Browser: Firefox or Chrome with Chromium

## Scraping using Selenium with geckodriver

In [25]:
# import libraries
import urllib.request
from bs4 import BeautifulSoup
from selenium import webdriver
import time
import pandas as pd

from lxml import html

In [39]:
# specify the url
# I will obtain data on the newest and hottest books at Chapters Indigo.
urlpage = 'https://www.chapters.indigo.ca/en-ca/books/new-and-hot/'
print(urlpage)

https://www.chapters.indigo.ca/en-ca/books/new-and-hot/


In [105]:
# run firefox webdriver from executable path of your choice
# if geckodriver is not in an executable path
# driver = webdriver.Firefox(executable_path = 'GECKODRIVER_PATH')

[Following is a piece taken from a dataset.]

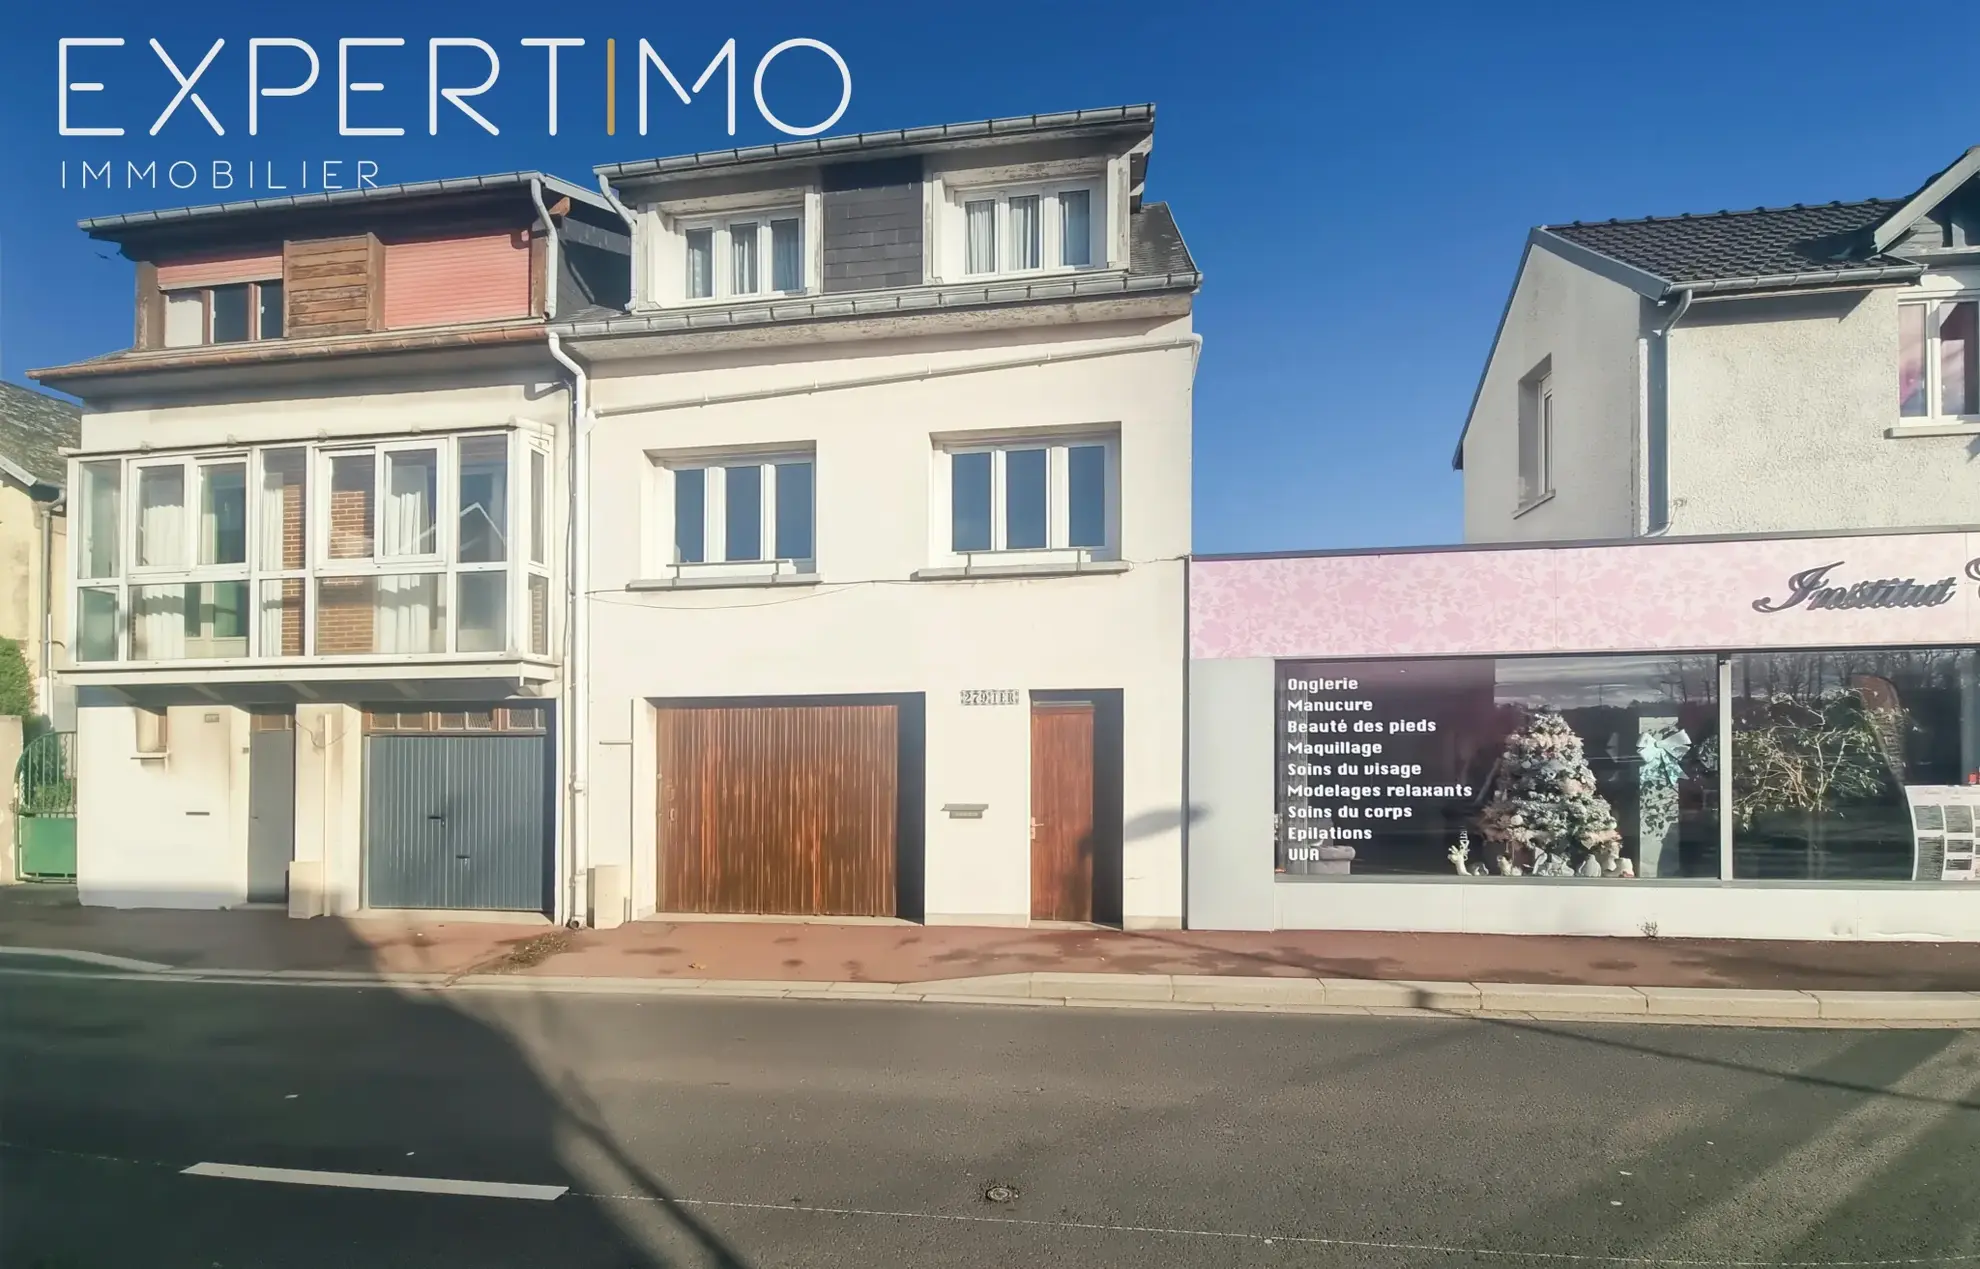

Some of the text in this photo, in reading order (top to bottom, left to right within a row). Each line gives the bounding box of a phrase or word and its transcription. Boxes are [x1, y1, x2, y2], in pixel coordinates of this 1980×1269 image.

# if geckodriver is in an executable path
driver = webdriver.Firefox()

In [87]:
# get web page
driver.get(urlpage)

In [89]:
# find elements by xpath
# the number of results depends on the number of loaded elements
results = driver.find_elements_by_xpath('//*[@id="grid-view-product-list-7731"]//*[@class="product-list__product-details--grid"]')
print('Number of results', len(results))

Number of results 83


In [103]:
# loop over results and store in array
data = []

for res in results:
    title = res.find_element_by_tag_name('h4').find_element_by_tag_name('a').text
    author = res.find_element_by_tag_name('p').find_element_by_tag_name('a').text
    
    # get the discounted price
    price = res.find_element_by_class_name('product-list__price--grid').text
    price = price[1:] # take off dollar sign
    
    data.append({"title" : title, "author" : author, "price" : price})

In [110]:
data

[{'title': 'THE PERFECT GIRLFRIEND',
  'author': 'Karen Hamilton',
  'price': '15.00'},
 {'title': 'THE GOWN: A NOVEL OF THE ROYAL WEDDING',
  'author': 'Jennifer Robson',
  'price': '15.00'},
 {'title': 'FIRE & BLOOD: 300 YEARS BEFORE A GAME OF…',
  'author': 'George R. R. Martin',
  'price': '25.35'},
 {'title': 'HOMEBODY: A GUIDE TO CREATING SPACES YOU NEVER…',
  'author': 'Joanna Gaines',
  'price': '28.66'},
 {'title': 'THE RECKONING: A NOVEL',
  'author': 'John Grisham',
  'price': '20.06'},
 {'title': 'KINGDOM OF THE BLIND: INDIGO EXCLUSIVE…',
  'author': 'Louise Penny',
  'price': '25.00'},
 {'title': 'BECOMING', 'author': 'Michelle Obama', 'price': '22.30'},
 {'title': 'WASHINGTON BLACK: A NOVEL',
  'author': 'Esi Edugyan',
  'price': '20.90'},
 {'title': 'THEN SHE WAS GONE: A NOVEL',
  'author': 'Lisa Jewell',
  'price': '13.66'},
 {'title': 'THE MELTDOWN (DIARY OF A WIMPY KID BOOK 13)',
  'author': 'Jeff Kinney',
  'price': '9.10'},
 {'title': 'RICK MERCER FINAL REPORT',
  '

In [107]:
# close driver
driver.quit()

In [118]:
# save to pandas dataframe
df = pd.DataFrame(data)

# reorder the columns
df = df[['title', 'author', 'price']]

In [119]:
df

Unnamed: 0,title,author,price
0,THE PERFECT GIRLFRIEND,Karen Hamilton,15.00
1,THE GOWN: A NOVEL OF THE ROYAL WEDDING,Jennifer Robson,15.00
2,FIRE & BLOOD: 300 YEARS BEFORE A GAME OF…,George R. R. Martin,25.35
3,HOMEBODY: A GUIDE TO CREATING SPACES YOU NEVER…,Joanna Gaines,28.66
4,THE RECKONING: A NOVEL,John Grisham,20.06
5,KINGDOM OF THE BLIND: INDIGO EXCLUSIVE…,Louise Penny,25.00
6,BECOMING,Michelle Obama,22.30
7,WASHINGTON BLACK: A NOVEL,Esi Edugyan,20.90
8,THEN SHE WAS GONE: A NOVEL,Lisa Jewell,13.66
9,THE MELTDOWN (DIARY OF A WIMPY KID BOOK 13),Jeff Kinney,9.10


In [122]:
# write to csv without index
STORE_DATA_PATH = ''
df.to_csv(STORE_DATA_PATH + 'books.csv', index=False)